> TASK REQUIREMENTS
The records that follow must be repeated exactly, minus the images.

> Collected data
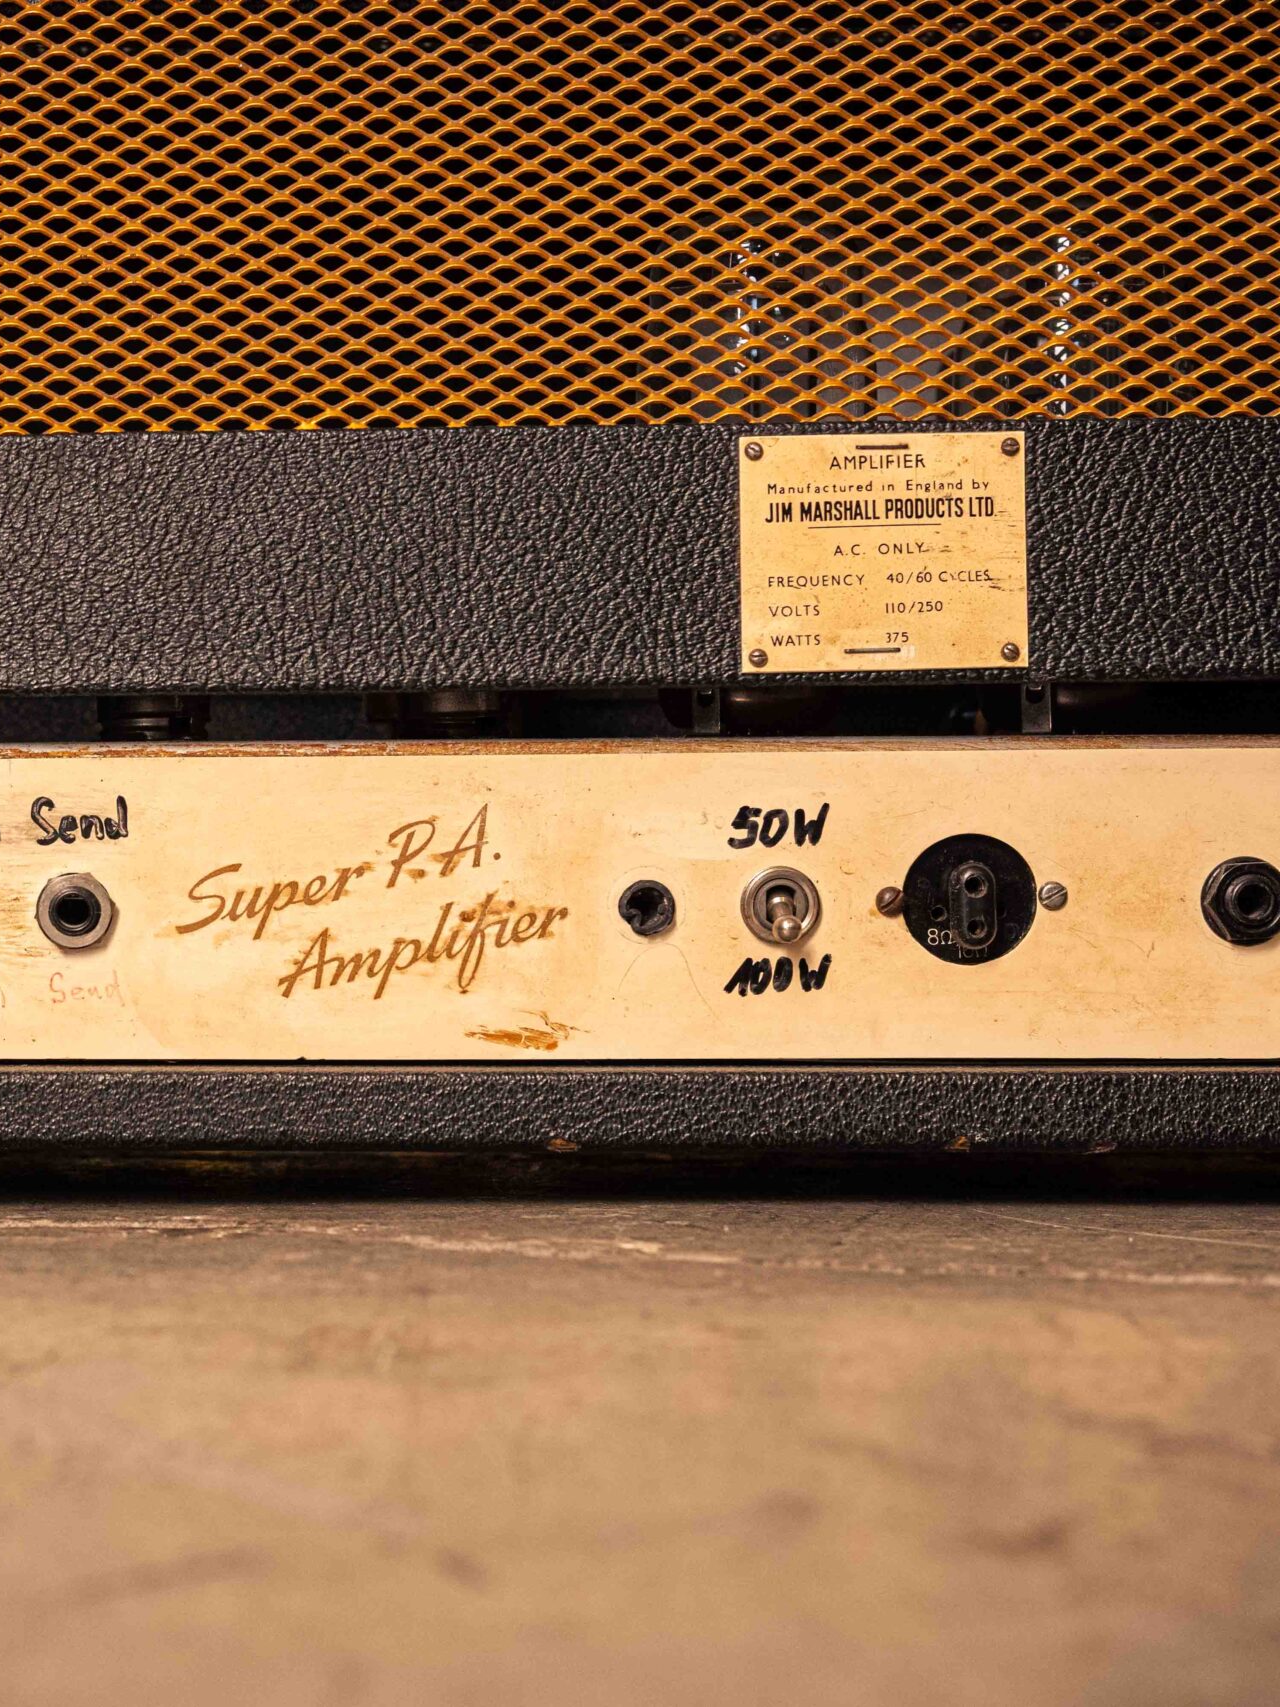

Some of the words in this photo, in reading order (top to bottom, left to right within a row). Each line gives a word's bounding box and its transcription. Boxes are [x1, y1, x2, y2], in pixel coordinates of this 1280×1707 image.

[829, 454, 926, 470] AMPLIFIER
[767, 482, 873, 495] Manufactured
[882, 482, 895, 492] in
[906, 480, 963, 494] England
[972, 479, 990, 492] by
[765, 502, 793, 523] JIM
[800, 498, 880, 522] MARSHALL
[885, 497, 964, 520] PRODUCTS
[833, 543, 866, 557] A.C.
[878, 542, 926, 556] ONLY
[768, 574, 865, 588] FREQUENCY
[886, 571, 933, 584] 40/60
[768, 604, 820, 617] VOLTS
[885, 600, 943, 614] 110/250
[770, 634, 821, 647] WATTS
[885, 632, 910, 644] 375
[31, 795, 129, 846] Send
[175, 863, 366, 940] Super
[278, 890, 570, 999] Amplifier

> TASK ANSWER
Some of the words in this photo, in reading order (top to bottom, left to right within a row). Each line gives a word's bounding box and its transcription. Boxes are [x1, y1, x2, y2], in pixel coordinates of this 1280×1707 image.

[829, 454, 926, 470] AMPLIFIER
[767, 482, 873, 495] Manufactured
[882, 482, 895, 492] in
[906, 480, 963, 494] England
[972, 479, 990, 492] by
[765, 502, 793, 523] JIM
[800, 498, 880, 522] MARSHALL
[885, 497, 964, 520] PRODUCTS
[833, 543, 866, 557] A.C.
[878, 542, 926, 556] ONLY
[768, 574, 865, 588] FREQUENCY
[886, 571, 933, 584] 40/60
[768, 604, 820, 617] VOLTS
[885, 600, 943, 614] 110/250
[770, 634, 821, 647] WATTS
[885, 632, 910, 644] 375
[31, 795, 129, 846] Send
[175, 863, 366, 940] Super
[278, 890, 570, 999] Amplifier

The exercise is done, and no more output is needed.